Patricia Monaghan

Patricia Monaghan Poems

Sand sifts down, one grain at a time,
forming a small hill. When it grows high
enough, a tiny avalanche begins. Let
...

Patricia Monaghan Biography

Patricia Monaghan (February 15, 1946, – November 11, 2012) was a poet, a writer, a spiritual activist, and an influential figure in the contemporary women's spirituality movement. Monaghan wrote over 20 books on a range of topics including Goddess spirituality, earth spirituality, Celtic mythology, the landscape of Ireland, and techniques of meditation. In 1979, she published the first encyclopedia of female divinities, a book which has remained steadily in print since then and was republished in 2009 in a two volume set as The Encyclopedia of Goddesses and Heroines. She was a mentor to many scholars and writers including biologist Cristina Eisenberg, poet Annie Finch, theologian Charlene Spretnak, and anthropologist Dawn Work-MaKinne, and was the founding member of the Association for the Study of Women and Mythology, which brought together artists, scholars, and researchers of women-centered mythology and Goddess spirituality for the first time in a national academic organization. Patricia Monaghan was born on February 15, 1946. Her parents, Mary Gordon and Edward Monaghan, were Irish-American. Patricia spent her early years on Long Island surrounded by a large extended family.
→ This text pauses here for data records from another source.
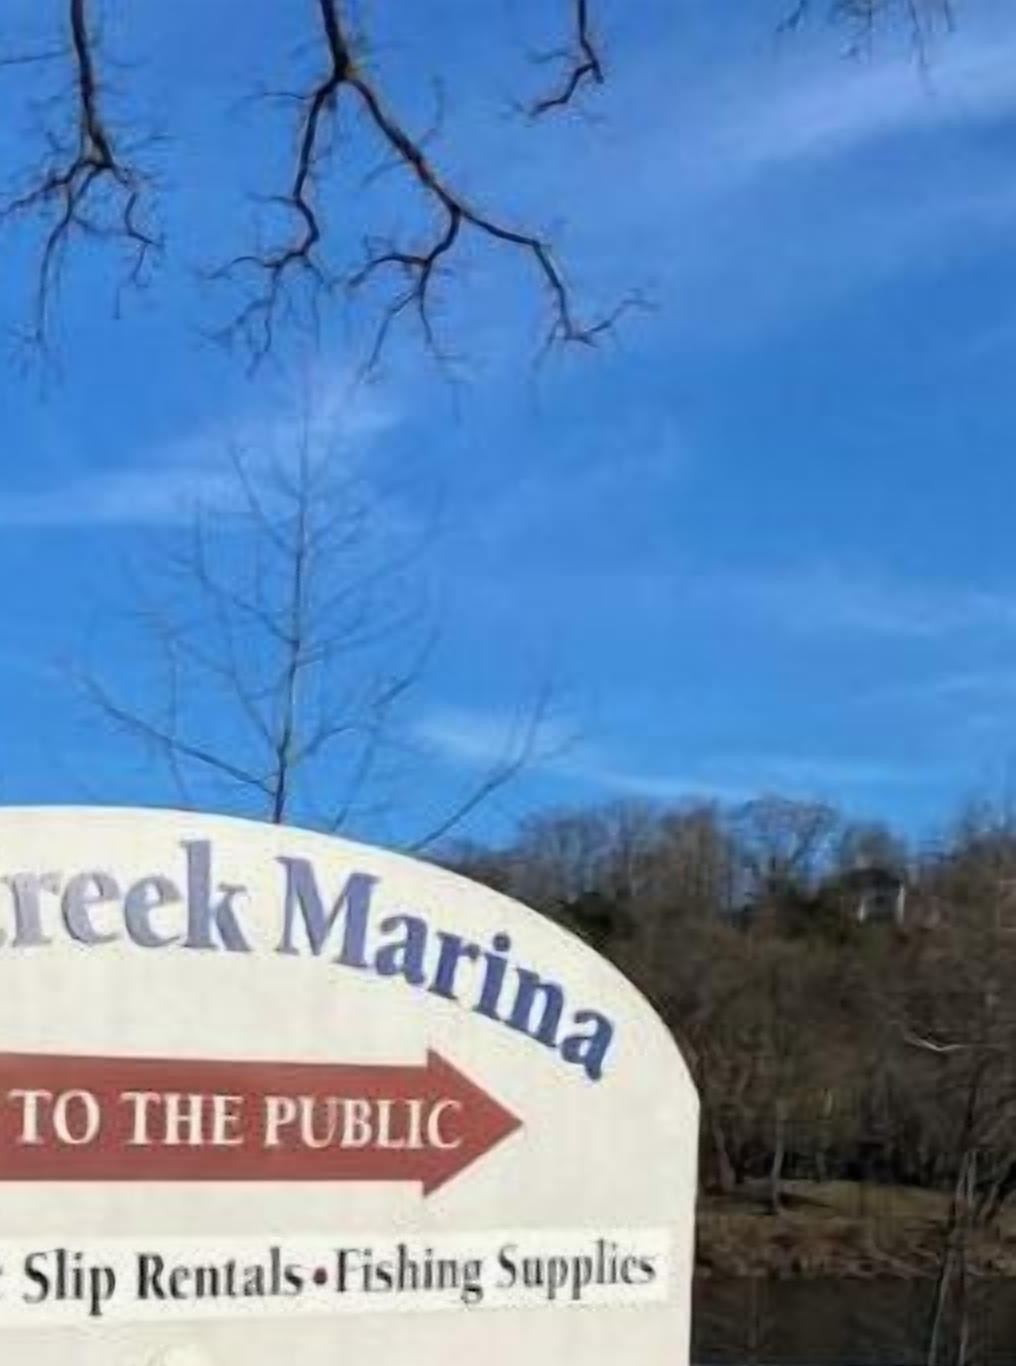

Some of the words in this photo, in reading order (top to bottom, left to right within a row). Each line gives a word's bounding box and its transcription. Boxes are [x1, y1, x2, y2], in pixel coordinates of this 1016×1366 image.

[275, 855, 617, 1082] Marina
[10, 1088, 102, 1146] TO
[120, 1091, 245, 1147] THE
[263, 1096, 463, 1150] PUBLIC
[22, 1248, 118, 1317] Slip
[136, 1247, 305, 1302] Rentals
[335, 1243, 484, 1304] Fishing
[496, 1239, 657, 1302] Supplies
Several years of illness kept her housebound during formative years, during which time she read voraciously as well as learning to embroider, the first of many traditional crafts that were an important part of her leisure throughout her life. When Patricia was in fourth grade, her family moved to Colorado, following the transfer of her father, an Air Force officer. From there, they moved to Alaska. Monaghan earned her B.A. and her first graduate degree at the University of Minnesota, where she studied English and French literature. She maintained an ongoing interest in French literature, especially in the symbolist poets. After graduate school, she worked as a journalist in both Minnesota and Alaska, writing about culture, nature, and the intersection of the two. She also earned an MFA in creative writing (poetry) from the University of Alaska and a Ph.D in Interdisciplinary Studies (science and literature) from Union Institute in Cincinnati. In 1995, Patricia Monaghan joined the faculty of the School for New Learning at DePaul University, where she taught classes in arts and environmental sciences until 2011, eventually attaining he rank of Full Professor. .)
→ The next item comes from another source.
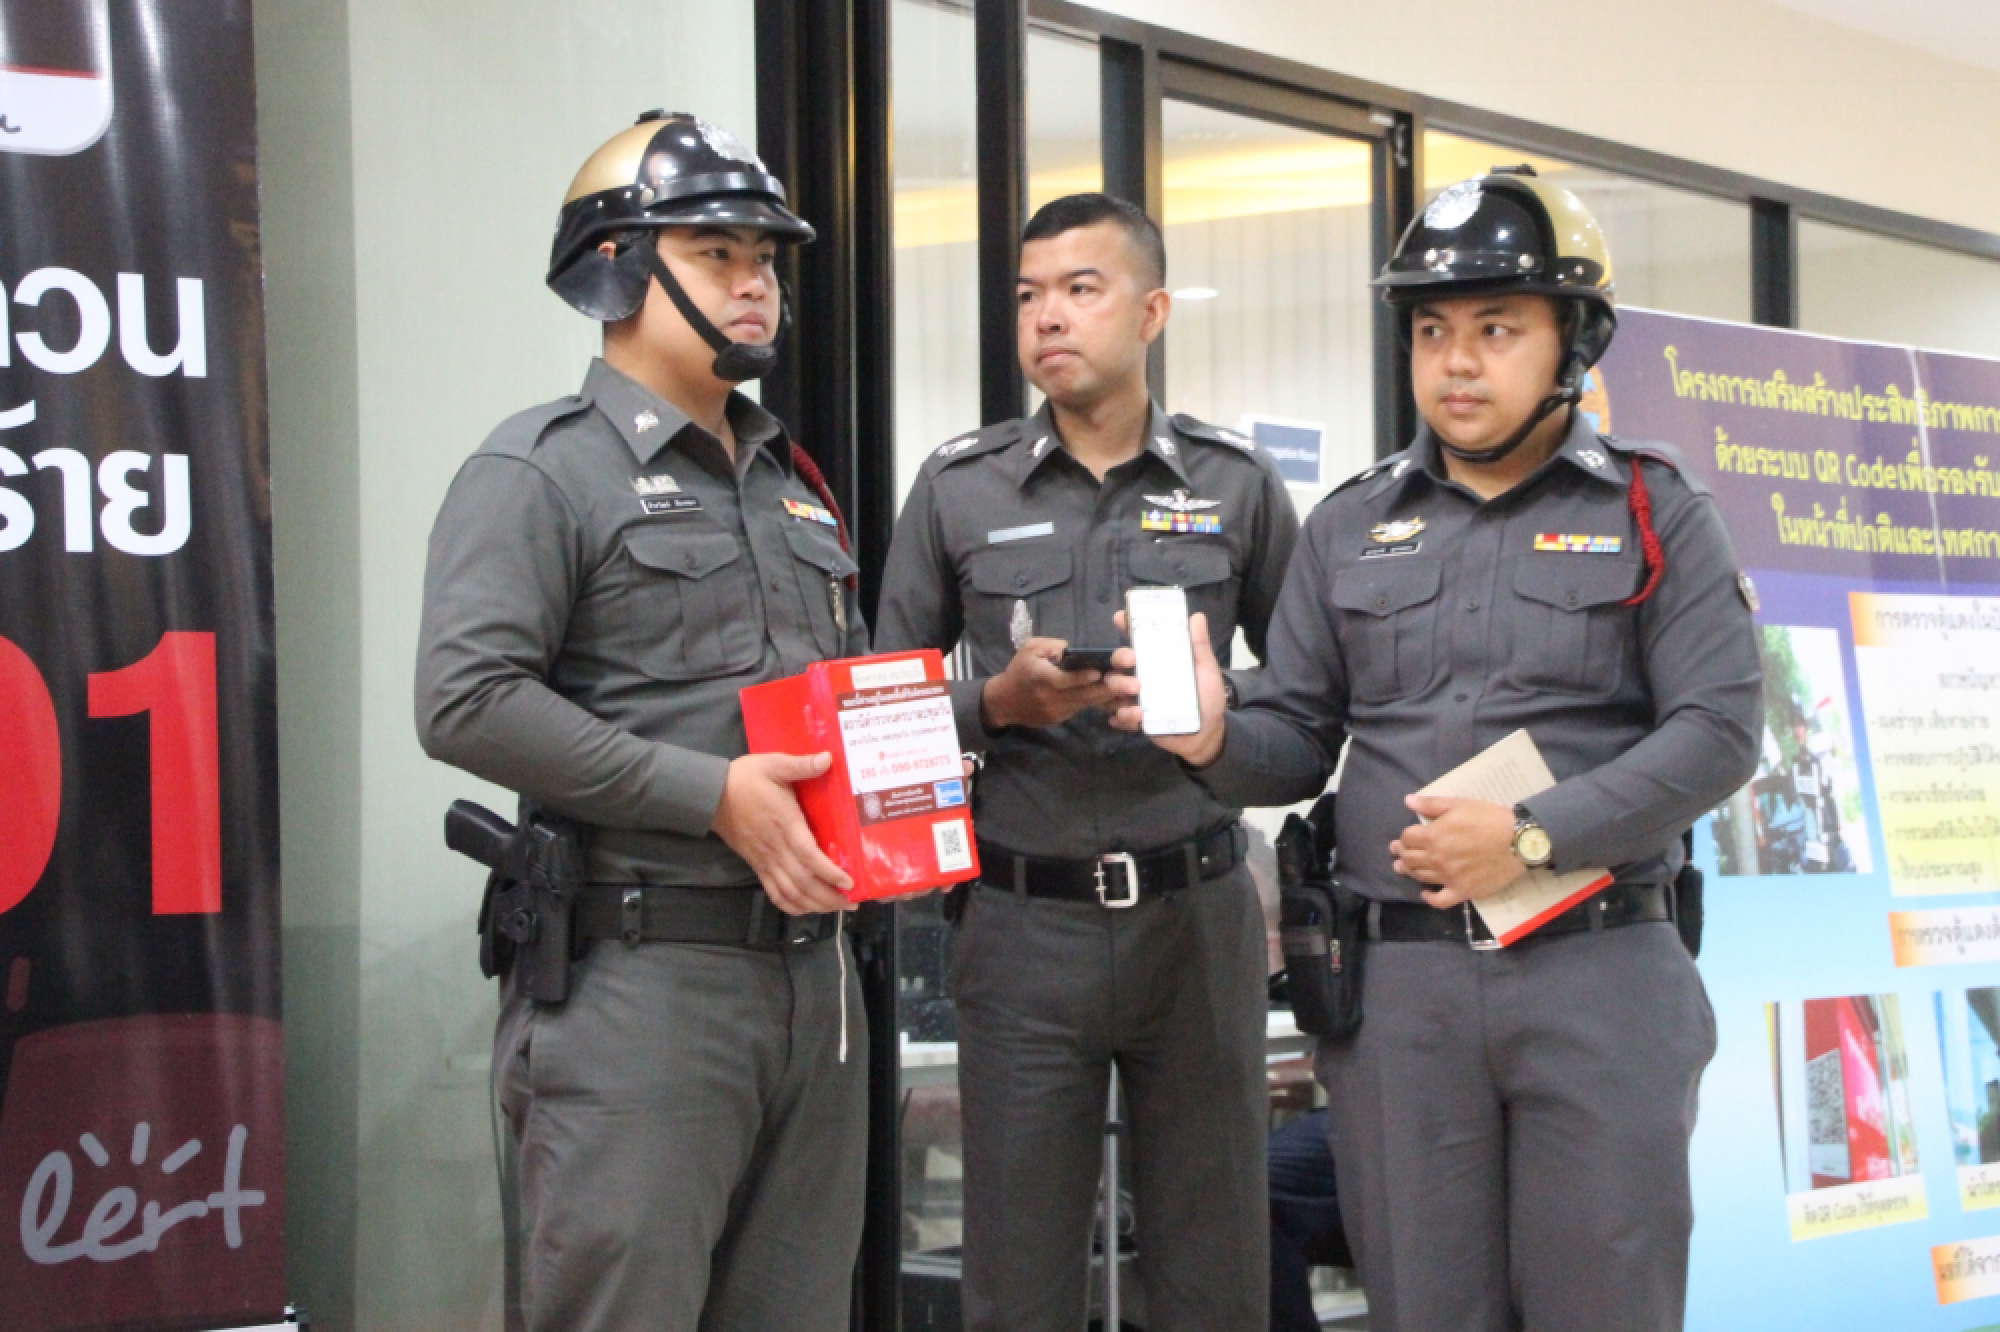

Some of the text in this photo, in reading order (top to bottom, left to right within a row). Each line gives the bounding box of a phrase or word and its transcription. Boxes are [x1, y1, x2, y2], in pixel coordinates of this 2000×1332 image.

[0, 266, 207, 379] วน
[1664, 346, 2000, 434] โครงการเสริมสร้างประสิทธิภาพกา
[1715, 426, 1810, 481] ด้วยระบบ
[1814, 448, 1843, 485] QR
The Best Poem Of Patricia Monaghan

The Poised Edge of Chaos

Sand sifts down, one grain at a time,
forming a small hill. When it grows high
enough, a tiny avalanche begins. Let
sand continue to sift down, and avalanches
will occur irregularly, in no predictable order,
until there is a tiny mountain range of sand.
Peaks will appear, and valleys, and as
sand continues to descend, the relentless
sand, piling up and slipping down, piling
up and slipping down, piling up - eventually
a single grain will cause a catastrophe, all
the hills and valleys erased, the whole face
of the landscape changed in an instant.

Walking yesterday, my heels crushed chamomile
and released intoxicating memories of home.
Earlier this week, I wrote an old love, flooded
with need and desire. Last month I planted
new flowers in an old garden bed -

one grain at a time, a pattern is formed,
one grain at a time, a pattern is destroyed,
and there is no way to know which grain
will build the tiny mountain higher, which
grain will tilt the mountain into avalanche,
whether the avalanche will be small or
catastrophic, enormous or inconsequential.
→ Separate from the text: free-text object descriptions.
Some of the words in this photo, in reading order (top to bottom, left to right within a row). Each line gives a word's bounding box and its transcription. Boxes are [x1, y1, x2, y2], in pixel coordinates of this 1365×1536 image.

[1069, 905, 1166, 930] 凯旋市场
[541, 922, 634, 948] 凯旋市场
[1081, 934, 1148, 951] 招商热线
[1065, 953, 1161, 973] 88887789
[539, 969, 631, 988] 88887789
We are always dancing with chaos, even when
we think we move too gracefully to disrupt
anything in the careful order of our lives,
even when we deny the choreography of passion,
hoping to avoid earthquakes and avalanches,
turbulence and elemental violence and pain.
We are always dancing with chaos, for the grains
sift down upon the landscape of our lives, one,
then another, one, then another, one then another.

Today I rose early and walked by the sea,
watching the changing patterns of the light
and the otters rising and the gulls descending,

and the boats steaming off into the dawn,
and the smoke drifting up into the sky,
and the waves drumming on the dock,

and I sang. An old song came upon me,
>one with no harbour nor dawn nor dock,
no woman walking in the mist, no gulls,
no boats departing for the salmon shoals.

I sang, but not to make order of the sea
nor of the dawn, nor of my life. Not to make
order at all. Only to sing, clear notes over sand.
Only to walk, footsteps in sand. Only to live.